Officials with WISE & Healthy Aging, which administers the free or reduced-price lunch program, said the change is in response to a number of Santa Monica seniors who can’t access lunch due to the unavailability of seating. Instead, seats have been taken up by out-of-area seniors.
To give locals priority, WISE will no longer accept Los Angeles County funding and is terminating its contract with a community-based organization hired by the county to run the lunch program. WISE will instead rely solely on City Hall funding to provide meals to Santa Monica seniors. In fiscal year 2010-11, City Hall granted WISE $227,870 for the meals program.
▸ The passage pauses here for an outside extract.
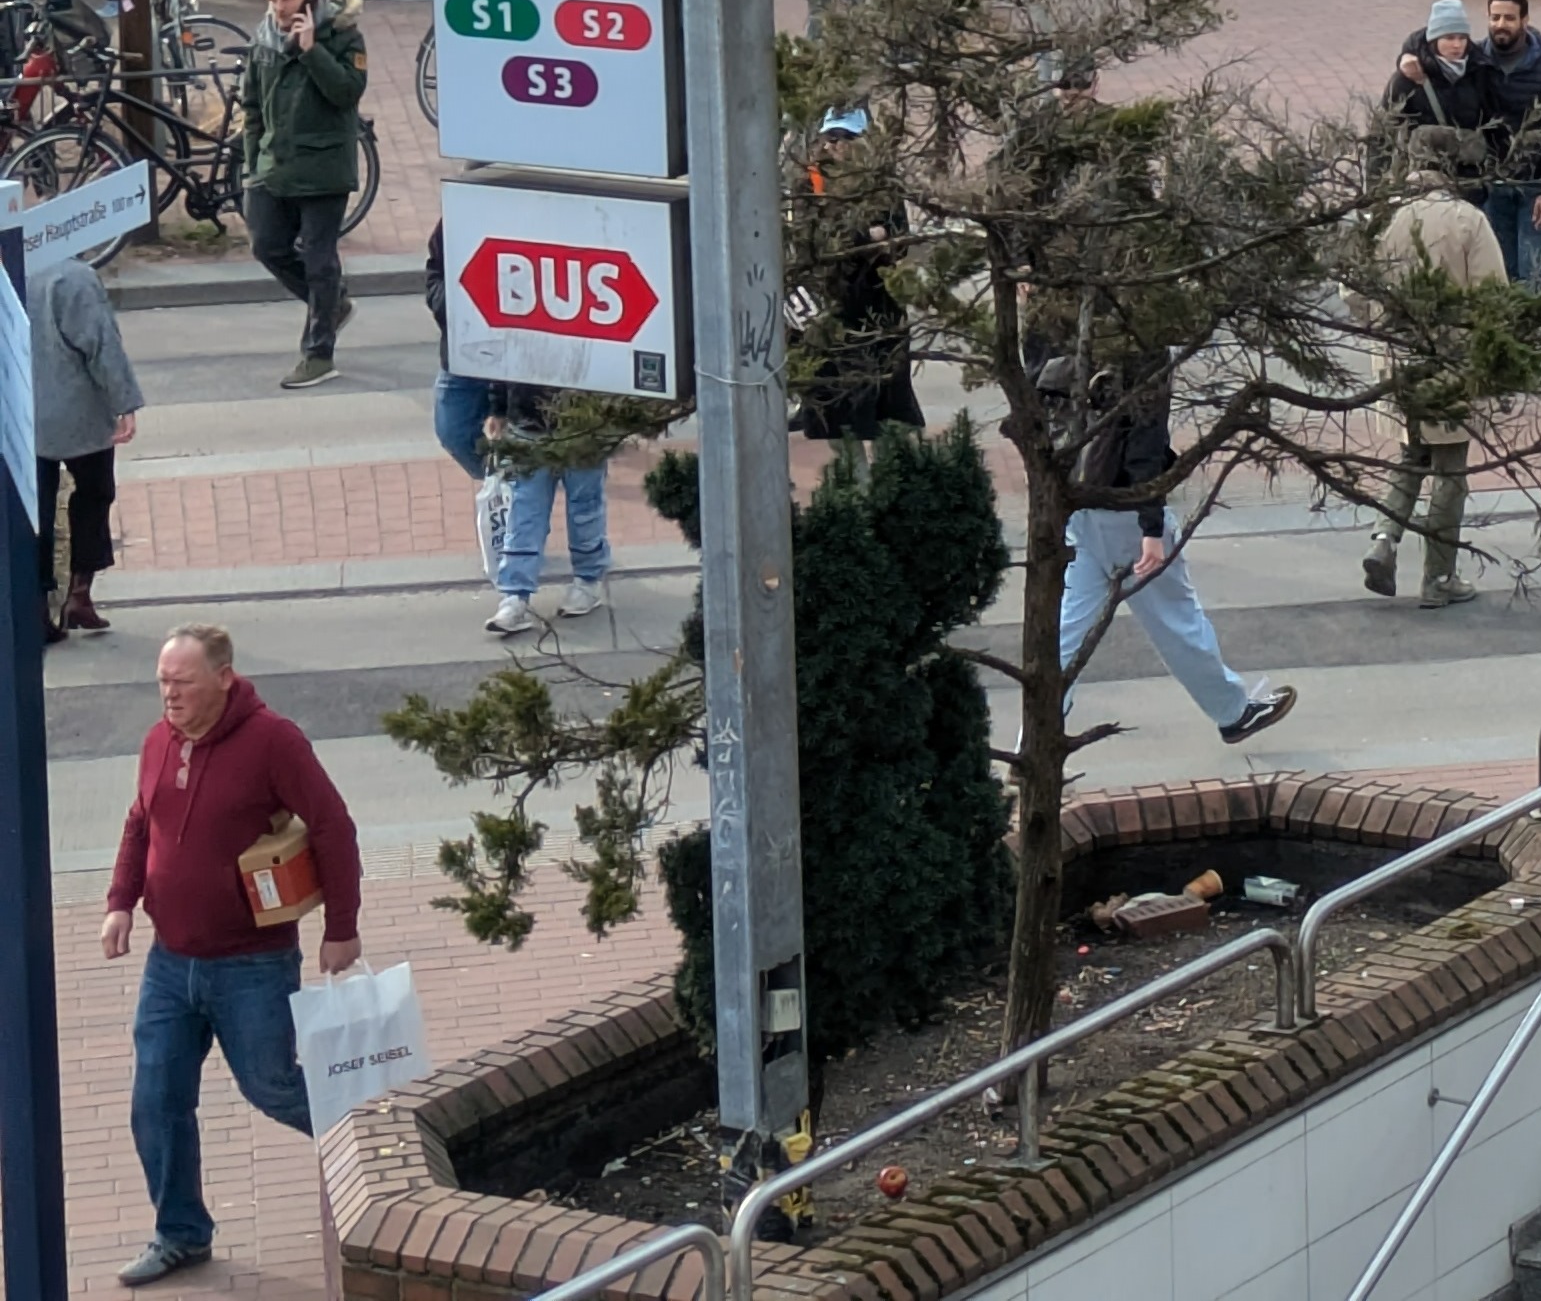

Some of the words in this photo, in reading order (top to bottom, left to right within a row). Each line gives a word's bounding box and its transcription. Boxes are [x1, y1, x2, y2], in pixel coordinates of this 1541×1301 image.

[583, 10, 625, 41] S2
[527, 65, 574, 99] S3
[496, 252, 624, 327] BUS
[328, 1056, 365, 1078] JOSEF
Seniors who are out-of-area are in the process of receiving notices about the change. They will still be able to eat lunches at Santa Monica sites, but they will not be given priority seating and will have to pay $4.50 for the meal. They can also choose to go to a county-funded site closer to where they live.
“There’s only a finite number of seats available,” Grace Cheng Braun, CEO and president of WISE & Healthy Aging, said. “Our Board of Directors felt very strongly, from a geography standpoint, seniors who live in Santa Monica should have access to lunch and they should not have to drive out of town or take a bus out of town in order to have lunch. Those who are out of town are bypassing sites and that’s their choice.”
At the end of this month, WISE will terminate its contract with Oldtimers Foundation, which provides services to Los Angeles and San Bernardino counties, to provide meals for Santa Monica. Instead, the nonprofit will continue to use funding from City Hall’s Community Grants Program to serve Santa Monica seniors lunches.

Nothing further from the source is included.